• _Activity_
What this exercise calls for is an exact copy of the data.

[Data for this task — start]

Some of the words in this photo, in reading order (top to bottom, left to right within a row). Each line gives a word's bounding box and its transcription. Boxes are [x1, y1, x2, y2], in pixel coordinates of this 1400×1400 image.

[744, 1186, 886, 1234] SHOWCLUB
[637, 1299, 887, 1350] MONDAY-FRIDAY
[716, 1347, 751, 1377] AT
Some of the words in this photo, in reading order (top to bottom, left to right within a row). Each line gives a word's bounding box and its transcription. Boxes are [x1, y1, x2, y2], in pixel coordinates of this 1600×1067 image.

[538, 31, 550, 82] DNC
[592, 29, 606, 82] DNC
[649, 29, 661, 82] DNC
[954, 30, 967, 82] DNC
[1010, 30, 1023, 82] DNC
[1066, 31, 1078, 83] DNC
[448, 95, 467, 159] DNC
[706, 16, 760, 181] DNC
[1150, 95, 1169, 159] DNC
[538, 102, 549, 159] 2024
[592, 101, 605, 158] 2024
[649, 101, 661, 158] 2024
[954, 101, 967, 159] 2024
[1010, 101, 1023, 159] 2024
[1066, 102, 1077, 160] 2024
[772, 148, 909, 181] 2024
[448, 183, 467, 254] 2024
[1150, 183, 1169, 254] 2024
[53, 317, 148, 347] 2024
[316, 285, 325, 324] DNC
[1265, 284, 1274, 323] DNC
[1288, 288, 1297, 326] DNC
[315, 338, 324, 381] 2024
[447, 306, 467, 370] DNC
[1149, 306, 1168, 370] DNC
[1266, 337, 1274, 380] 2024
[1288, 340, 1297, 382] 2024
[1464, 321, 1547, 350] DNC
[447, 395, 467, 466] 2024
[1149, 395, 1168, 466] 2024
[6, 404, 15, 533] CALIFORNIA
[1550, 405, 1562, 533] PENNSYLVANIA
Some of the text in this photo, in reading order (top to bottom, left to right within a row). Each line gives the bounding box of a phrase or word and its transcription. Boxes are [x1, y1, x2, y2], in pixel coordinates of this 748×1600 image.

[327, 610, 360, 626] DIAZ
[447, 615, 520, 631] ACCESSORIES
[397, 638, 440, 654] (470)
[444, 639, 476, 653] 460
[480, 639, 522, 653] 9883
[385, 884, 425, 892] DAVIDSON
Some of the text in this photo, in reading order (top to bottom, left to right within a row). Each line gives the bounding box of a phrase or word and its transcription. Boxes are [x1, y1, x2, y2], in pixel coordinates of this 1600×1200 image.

[Data for this task — finish]

• _Exercise solution_
Some of the words in this photo, in reading order (top to bottom, left to right within a row). Each line gives a word's bounding box and its transcription. Boxes are [x1, y1, x2, y2], in pixel coordinates of this 1400×1400 image.

[744, 1186, 886, 1234] SHOWCLUB
[637, 1299, 887, 1350] MONDAY-FRIDAY
[716, 1347, 751, 1377] AT
Some of the words in this photo, in reading order (top to bottom, left to right within a row). Each line gives a word's bounding box and its transcription. Boxes are [x1, y1, x2, y2], in pixel coordinates of this 1600×1067 image.

[538, 31, 550, 82] DNC
[592, 29, 606, 82] DNC
[649, 29, 661, 82] DNC
[954, 30, 967, 82] DNC
[1010, 30, 1023, 82] DNC
[1066, 31, 1078, 83] DNC
[448, 95, 467, 159] DNC
[706, 16, 760, 181] DNC
[1150, 95, 1169, 159] DNC
[538, 102, 549, 159] 2024
[592, 101, 605, 158] 2024
[649, 101, 661, 158] 2024
[954, 101, 967, 159] 2024
[1010, 101, 1023, 159] 2024
[1066, 102, 1077, 160] 2024
[772, 148, 909, 181] 2024
[448, 183, 467, 254] 2024
[1150, 183, 1169, 254] 2024
[53, 317, 148, 347] 2024
[316, 285, 325, 324] DNC
[1265, 284, 1274, 323] DNC
[1288, 288, 1297, 326] DNC
[315, 338, 324, 381] 2024
[447, 306, 467, 370] DNC
[1149, 306, 1168, 370] DNC
[1266, 337, 1274, 380] 2024
[1288, 340, 1297, 382] 2024
[1464, 321, 1547, 350] DNC
[447, 395, 467, 466] 2024
[1149, 395, 1168, 466] 2024
[6, 404, 15, 533] CALIFORNIA
[1550, 405, 1562, 533] PENNSYLVANIA
Some of the text in this photo, in reading order (top to bottom, left to right within a row). Each line gives the bounding box of a phrase or word and its transcription. Boxes are [x1, y1, x2, y2], in pixel coordinates of this 748×1600 image.

[327, 610, 360, 626] DIAZ
[447, 615, 520, 631] ACCESSORIES
[397, 638, 440, 654] (470)
[444, 639, 476, 653] 460
[480, 639, 522, 653] 9883
[385, 884, 425, 892] DAVIDSON
Some of the text in this photo, in reading order (top to bottom, left to right within a row). Each line gives the bounding box of a phrase or word and its transcription. Boxes are [x1, y1, x2, y2], in pixel coordinates of this 1600×1200 image.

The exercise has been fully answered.